The Scott Sisters are to be free after 16 years of incarceration in the Mississippi Correctional Facility for Women at Pearl.

Gov. Haley Barbour announced in a press release Wednesday afternoon that he was acting in accord with the State Parole Board which agreed with his decision to suspend the sentences.

The release comes 17 years and five days after their arrest date of December 24, 1993 on charges of armed robbery of two black men near Forrest County, MS, a short distance from their former home. Attorney Chokwe Lumumba said he understood that the suspended sentence was more in keeping with a parole than full pardon. Both sisters would be eligible for parole in 2014, Barbour pointed out. The sisters will be placed under the authority of the Florida Parole system, Lumumba said, since this is where the family’s official home base is today. Mrs. Evelyn Rasco, the mother of the two sisters, moved the entire family from Scott County, MS, to Pensacola, several years ago.

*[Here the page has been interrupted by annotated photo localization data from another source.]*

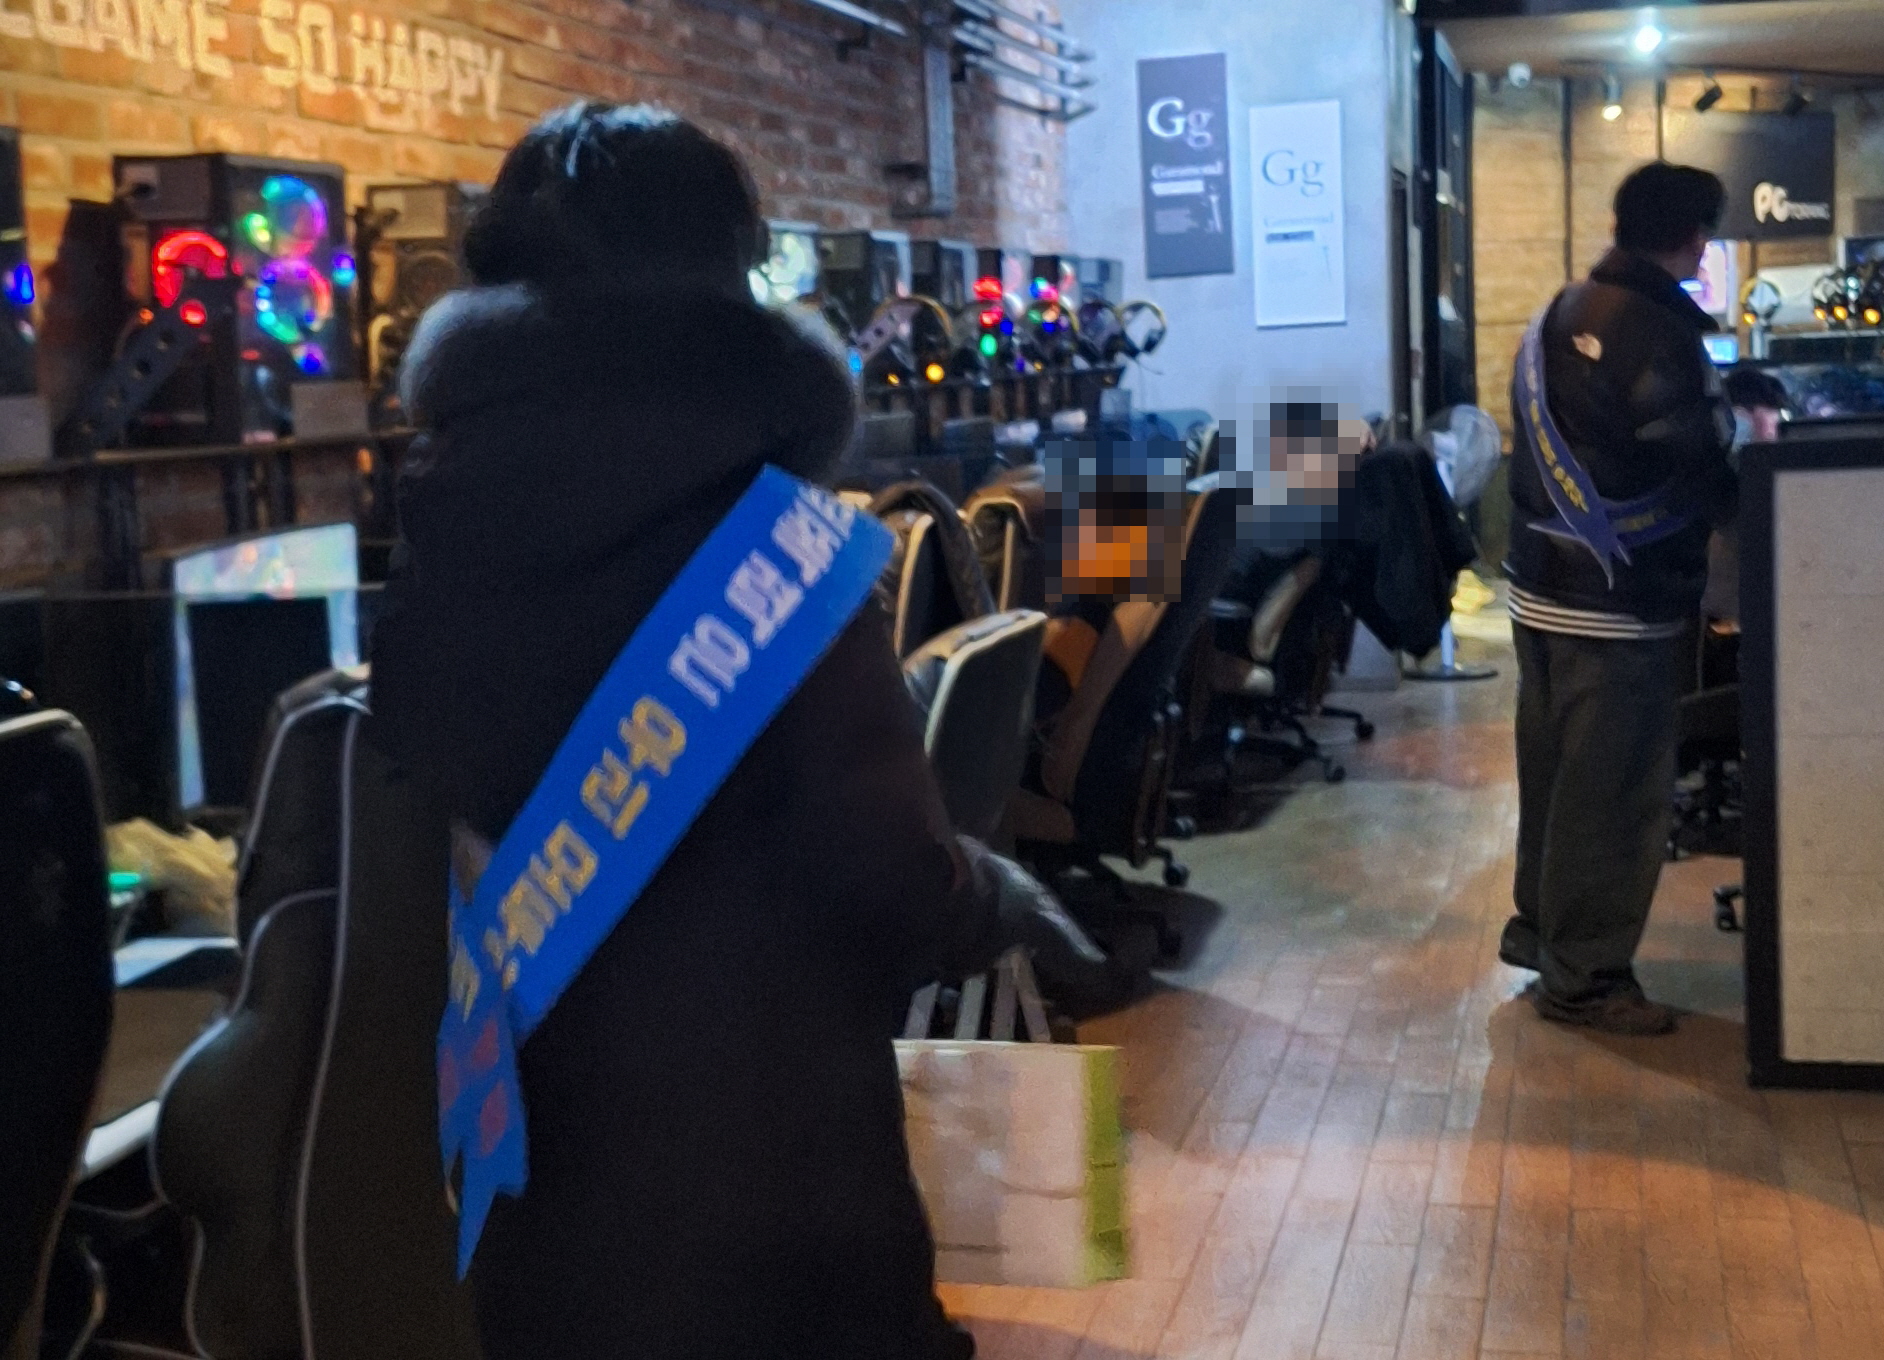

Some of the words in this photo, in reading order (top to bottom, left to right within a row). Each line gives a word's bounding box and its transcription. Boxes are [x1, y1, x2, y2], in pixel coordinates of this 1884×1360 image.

[349, 10, 503, 122] HAPPY
[1147, 96, 1215, 150] Gg
[1261, 149, 1326, 198] Gg
[580, 695, 690, 840] 우리
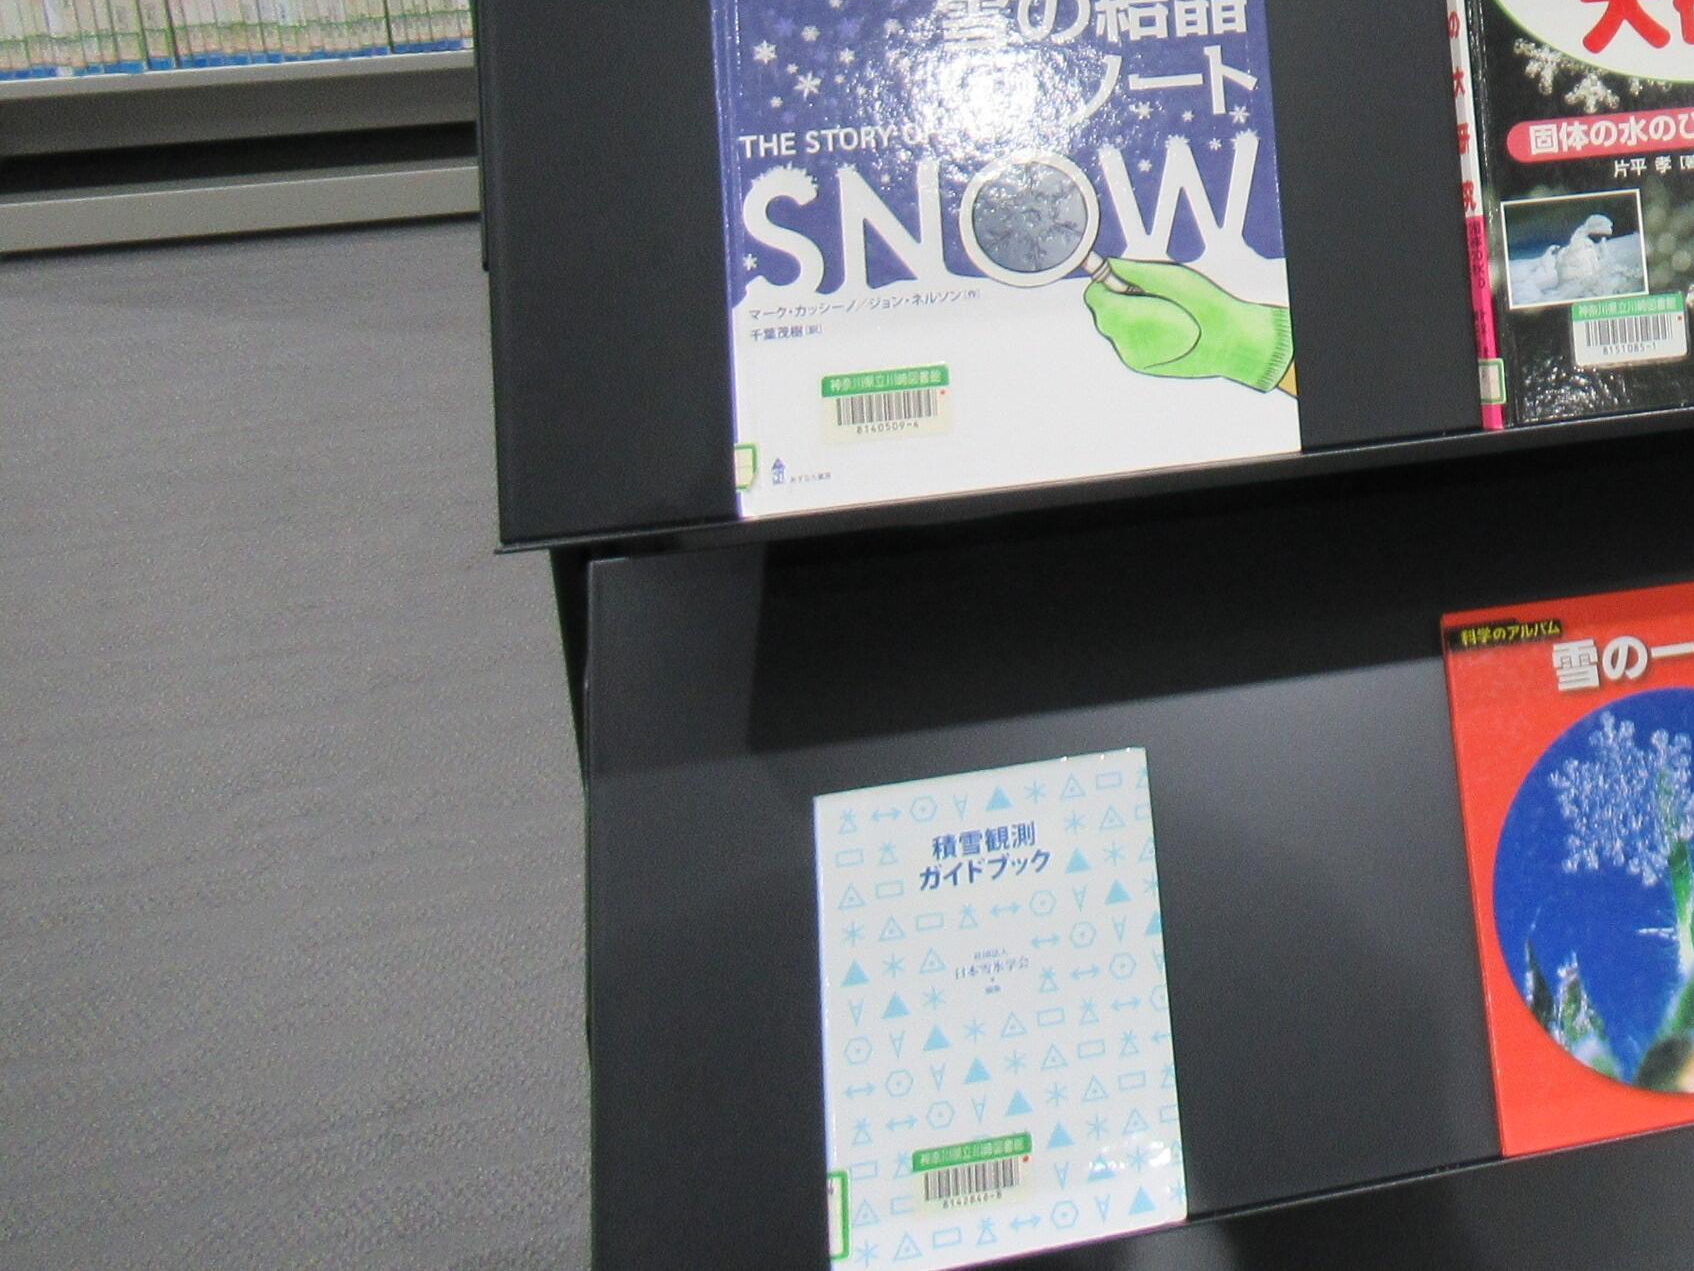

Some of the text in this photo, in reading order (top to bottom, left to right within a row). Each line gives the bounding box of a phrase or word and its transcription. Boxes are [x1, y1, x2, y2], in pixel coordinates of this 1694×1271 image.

Barbour indicated in his press release that Jamie Scott suffers from the failure of both kidneys and needs regular dialysis. He also pointed out that Gladys has offered to donate one her kidneys to her sister.

Scott Sisters support groups across the country announced their joy at the welcome news. Paralegal Nancy Lockhart, one of the first advocates to promote the Scott Sisters’ cause worldwide was unavailable for comments Wednesday but will likely be among those to assist the sisters at the time of their release.

The Jackson-based Free the Scott Sisters Committee has been the most active group in pushing for the release of Jamie and Gladys. NAACP President Benjamin Jealous also joined in the cause on September 15 by attending the largest rally yet that ended at the Governor’s mansion, where he and Lumumba presented the governor with petitions asking for pardons or commutation of the double-life prison sentences.

“We who are members of the Free the Scott Sisters support committed are overjoyed at the news of their suspended sentences,” said Jone Maati Primm, one of the few people who visited the sisters on a weekly basis during the final year of their incarceration.”Their release is so long overdue. Speaking for myself, I won’t call it justice because they were punished unfairly for a crime I doubt they ever committed. But it’s a welcome promise of freedom for them. And again I am overjoyed.”

New York-based Kermit Eady, founder of the Black United Fund of New York, regularly broadcasts news and updates about the Scott sisters over Blog Talk Radio. Wednesday’s announcement was, he said, “fantastic.”

“This is the best news I’ve had out of Mississippi – ever,” Eady said.